Activity :: The pictures are to be left out, and all remaining data is to be transcribed exactly as it appears.
[Source information — start]
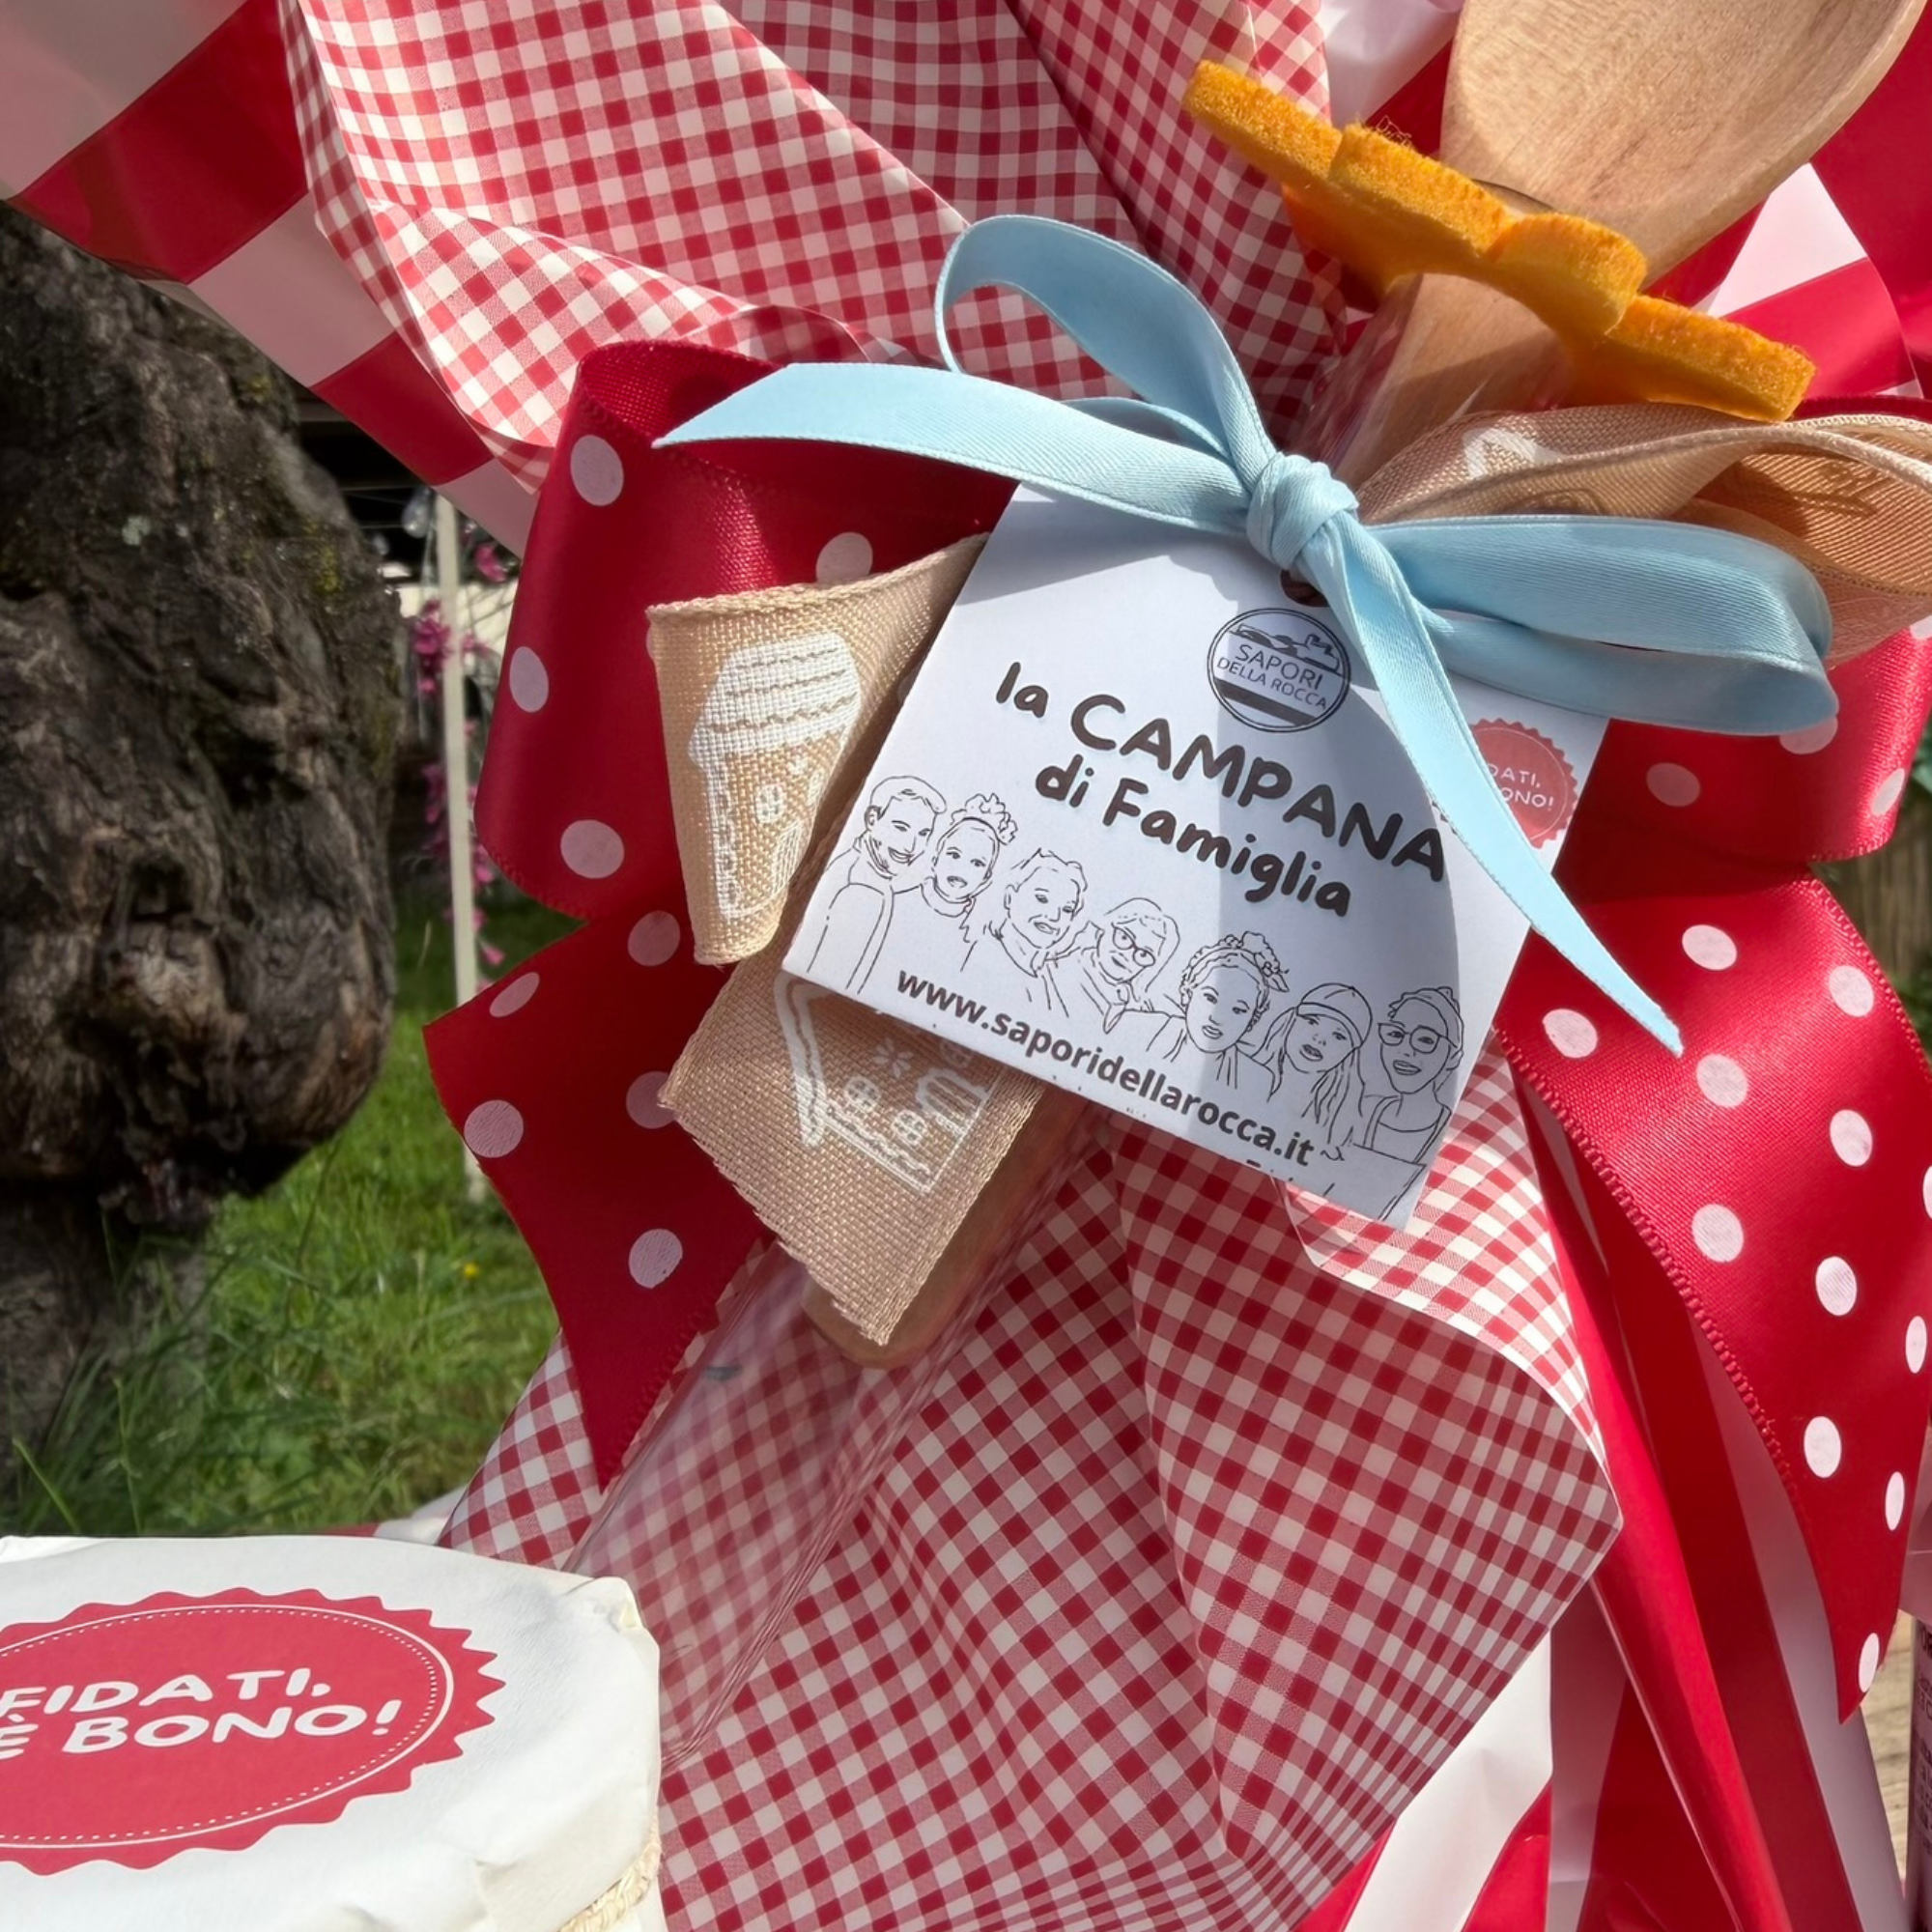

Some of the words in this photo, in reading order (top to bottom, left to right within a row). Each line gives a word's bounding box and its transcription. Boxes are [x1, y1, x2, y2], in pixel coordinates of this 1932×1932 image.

[1216, 657, 1266, 686] DELLA
[1270, 678, 1327, 710] ROCCA
[1236, 644, 1323, 691] SAPORI
[996, 662, 1049, 718] la
[1070, 694, 1444, 882] CAMPANA
[1487, 763, 1541, 788] DATI,
[1499, 786, 1554, 811] ONO!
[1035, 754, 1094, 808] di
[1102, 777, 1351, 918] Famiglia
[896, 970, 1315, 1166] www.saporidellarocca.it
[0, 1668, 331, 1719] FIDATI,
[62, 1699, 402, 1754] BONO!
[Source information — finish]
Reply ::
Some of the words in this photo, in reading order (top to bottom, left to right within a row). Each line gives a word's bounding box and its transcription. Boxes are [x1, y1, x2, y2], in pixel coordinates of this 1932×1932 image.

[1216, 657, 1266, 686] DELLA
[1270, 678, 1327, 710] ROCCA
[1236, 644, 1323, 691] SAPORI
[996, 662, 1049, 718] la
[1070, 694, 1444, 882] CAMPANA
[1487, 763, 1541, 788] DATI,
[1499, 786, 1554, 811] ONO!
[1035, 754, 1094, 808] di
[1102, 777, 1351, 918] Famiglia
[896, 970, 1315, 1166] www.saporidellarocca.it
[0, 1668, 331, 1719] FIDATI,
[62, 1699, 402, 1754] BONO!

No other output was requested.